The Football League play-offs for the 2014–15 season (referred to as the Sky Bet Play-Offs for sponsorship reasons) began in May 2015 with the finals taking place at Wembley Stadium in London.

The play-offs began at the semi-final stage with all semi-finals being played over two legs, contested by the teams who finished in 3rd, 4th, 5th and 6th place in the Football League Championship and League One and the 4th, 5th, 6th and 7th-placed teams in the League Two table.
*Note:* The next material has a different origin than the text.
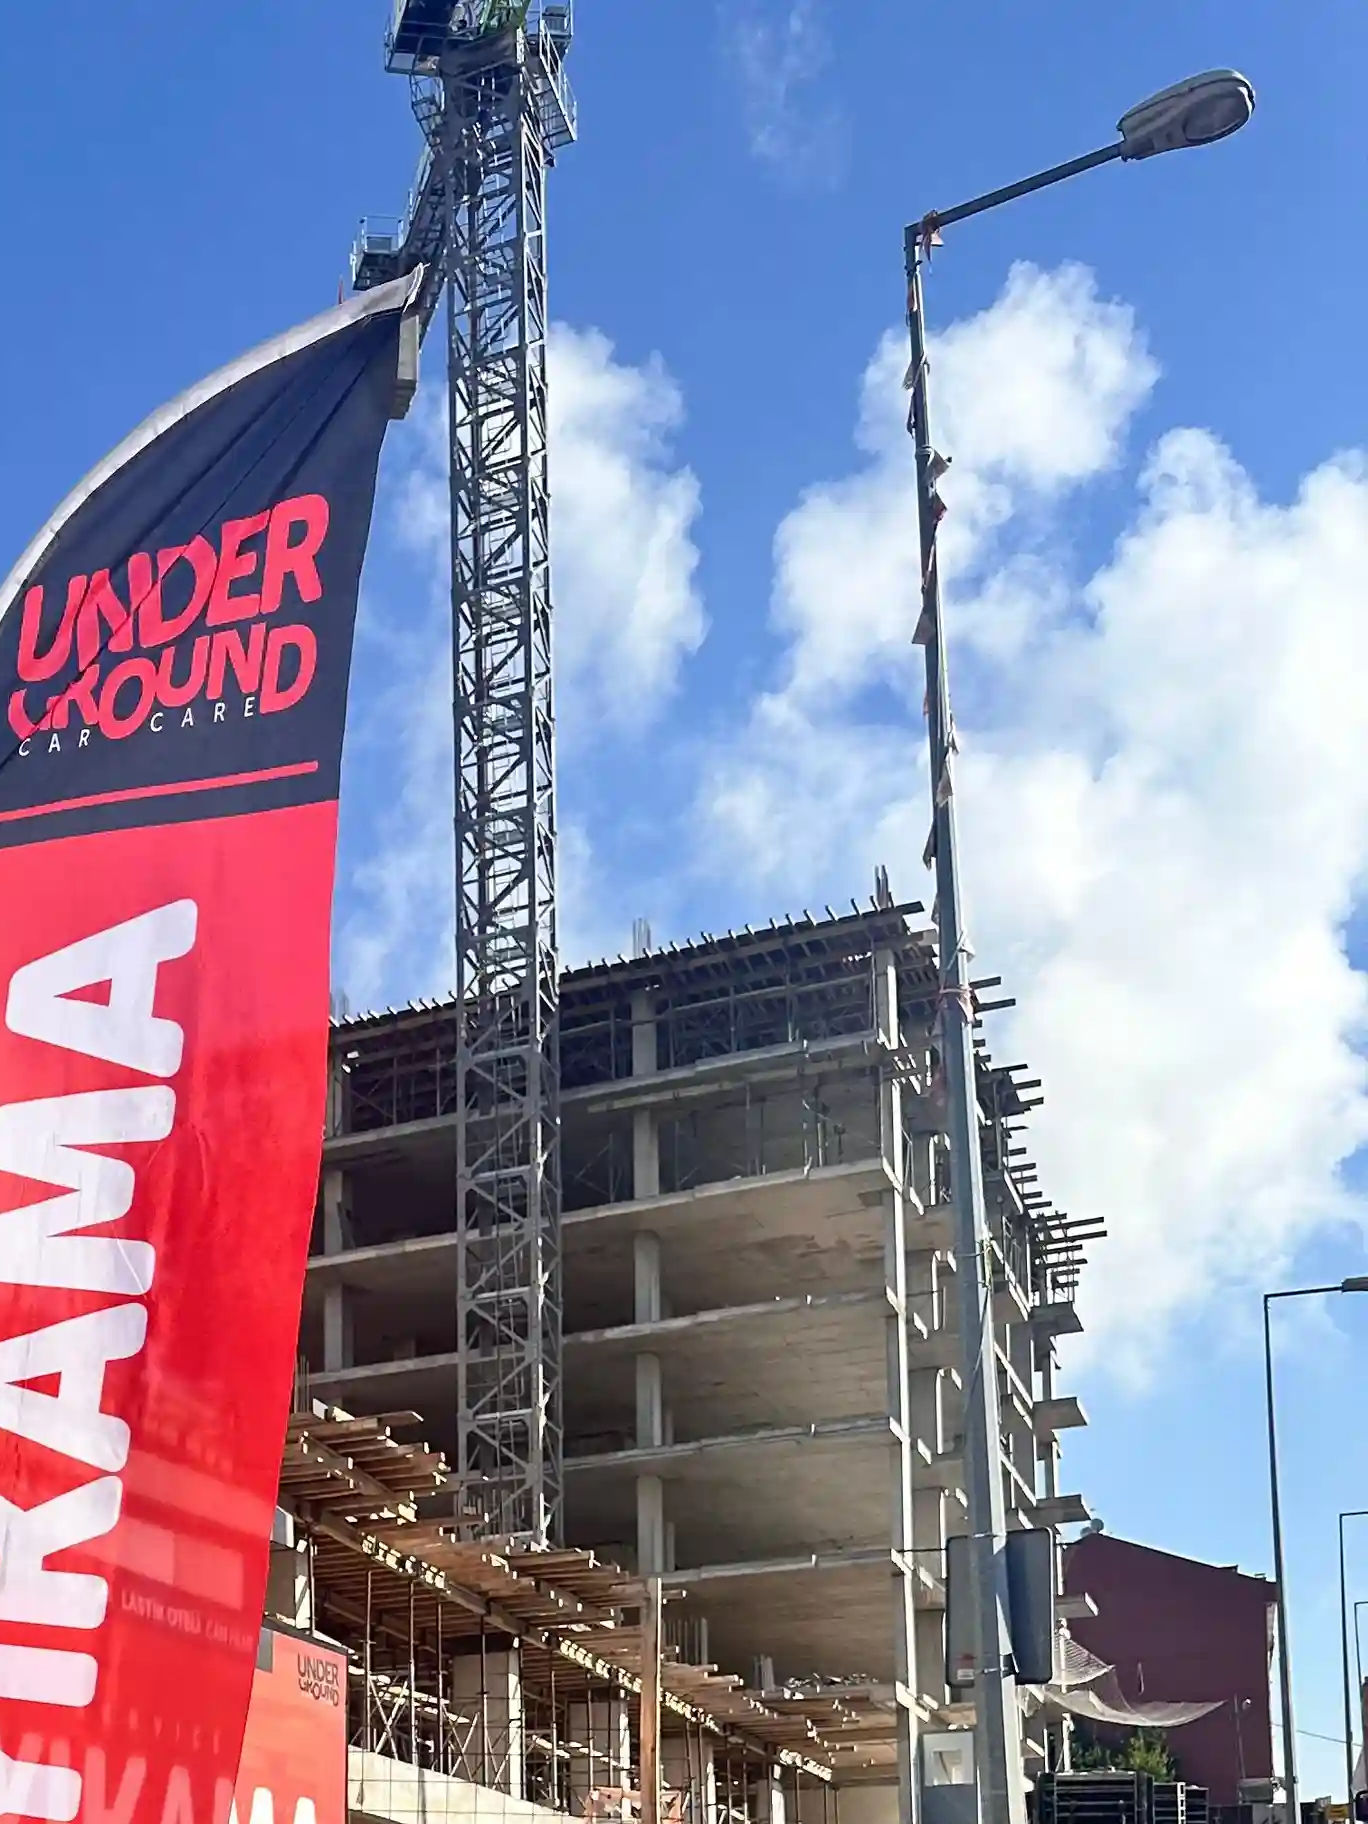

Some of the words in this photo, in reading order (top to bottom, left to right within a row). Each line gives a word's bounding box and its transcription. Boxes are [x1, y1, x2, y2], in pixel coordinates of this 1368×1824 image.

The winners of the semi-finals then advanced to the finals, with the winner of the final gaining promotion for the following season.

==Background==
The Football League play-offs have been held every year since 1987. They take place for each division following the conclusion of the regular season and are contested by the four clubs finishing below the automatic promotion places.

==Championship==

| Pos | Team | Pld | W | D | L | GF | GA | GD | Pts |
|---|---|---|---|---|---|---|---|---|---|
| 3 | Norwich City | 46 | 25 | 11 | 10 | 88 | 48 | +40 | 86 |
| 4 | Middlesbrough | 46 | 25 | 10 | 11 | 68 | 37 | +31 | 85 |
| 5 | Brentford | 46 | 23 | 9 | 14 | 78 | 59 | +19 | 78 |
| 6 | Ipswich Town | 46 | 22 | 12 | 12 | 72 | 54 | +18 | 78 |

===Semi-finals===
====Second leg====

Middlesbrough won 5–1 on aggregate.

Norwich City won 4–2 on aggregate.

==League One==

| Pos | Team | Pld | W | D | L | GF | GA | GD | Pts |
|---|---|---|---|---|---|---|---|---|---|
| 3 | Preston North End | 46 | 25 | 14 | 7 | 79 | 40 | +39 | 89 |
| 4 | Swindon Town | 46 | 23 | 10 | 13 | 76 | 57 | +19 | 79 |
| 5 | Sheffield United | 46 | 19 | 14 | 13 | 66 | 53 | +13 | 71 |
| 6 | Chesterfield | 46 | 19 | 12 | 15 | 68 | 55 | +13 | 69 |

===Semi-finals===
====Second leg====

Preston North End won 4–0 on aggregate.

Swindon Town won 7–6 on aggregate.

==League Two==

| Pos | Team | Pld | W | D | L | GF | GA | GD | Pts |
|---|---|---|---|---|---|---|---|---|---|
| 4 | Wycombe Wanderers | 46 | 23 | 15 | 8 | 67 | 45 | +22 | 84 |
| 5 | Southend United | 46 | 24 | 12 | 10 | 54 | 38 | +16 | 84 |
| 6 | Stevenage | 46 | 20 | 12 | 14 | 62 | 54 | +8 | 72 |
| 7 | Plymouth Argyle | 46 | 20 | 11 | 15 | 55 | 37 | +18 | 71 |

===Semi-finals===
====Second leg====

Wycombe Wanderers won 5–3 on aggregate.

Southend United won 4–2 on aggregate.